Ayn Rand on Necessity, Contingency, and Dispositions

Introduction to Objectivist Epistemology, 2nd ed., p. 299, Rand speaking:

What do you mean by "necessity"? By "necessity," we mean that things are a certain way and had to be.  I would maintain that the statement "Things are," when referring to non-man-made occurrences, is the synonym of "They had to be."  Because unless we start with the premise of an arbitrary God who creates nature, what is had to be.  We have to drop any mystical premise and keep the full context in mind.  Then, aside from human action, what things are is what they had to be.

The alternative of what "had to be" versus "what didn't have to be" doesn't apply metaphysically.  It applies only to the realm of human action and human choice."
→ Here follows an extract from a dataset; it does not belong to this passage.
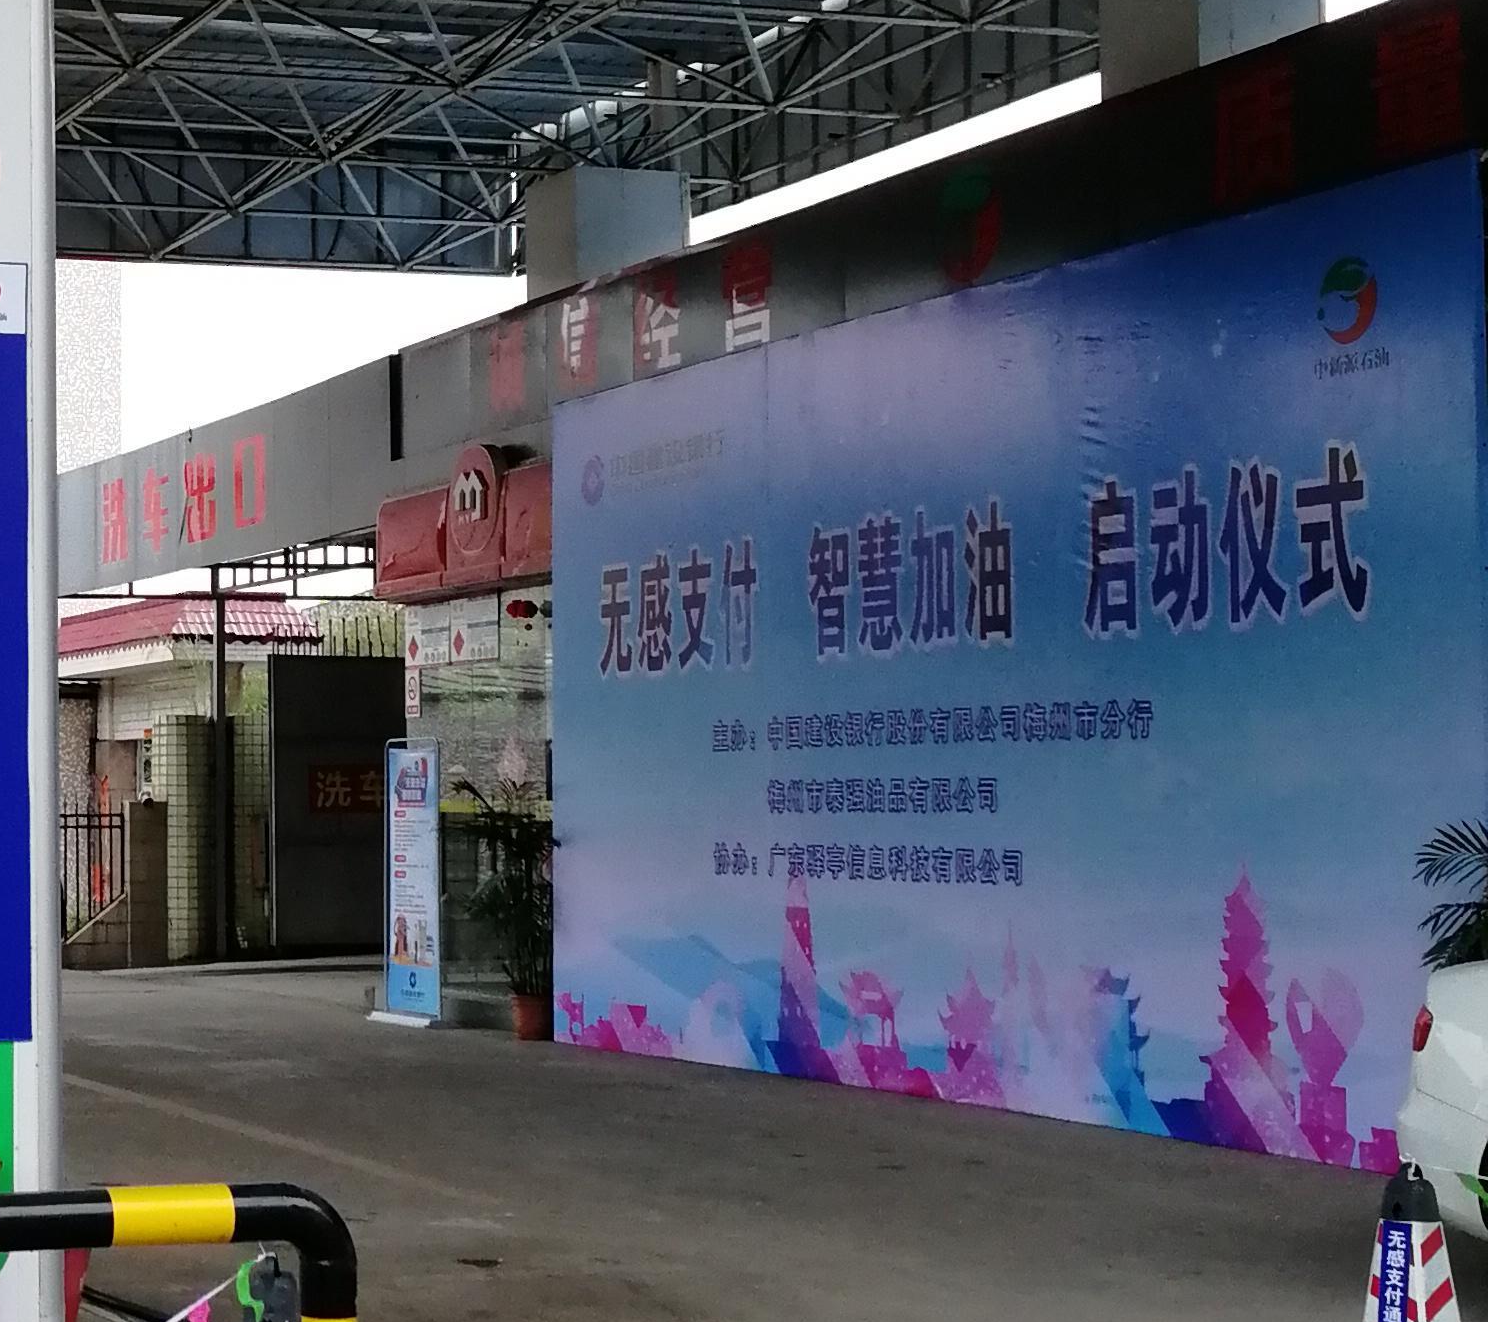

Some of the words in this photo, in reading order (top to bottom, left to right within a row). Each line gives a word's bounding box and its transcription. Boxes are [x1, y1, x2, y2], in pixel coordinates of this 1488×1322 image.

First of all, 'Things are' and 'Things had to be' cannot be synonyms since they obviously have different meanings as anyone who understands English knows.    But let's be charitable.  What Rand is trying to say is that every non-man-made occurrence is such that 'had to be' applies to it, and every man-made occurrence is such that 'did not have to be' applies to it.  Charitably construed, she is not making a false semantic point, but two modal points.  The first is that nothing non-man-made is contingent or, equivalently, that everything non-man-made is necessary.  The second modal point is that the man-made is contingent.  I will discuss only the first modal point.  It is not obvious and is denied by many philosophers both theists and atheists.  So it is legitimate to demand an argument for the thesis.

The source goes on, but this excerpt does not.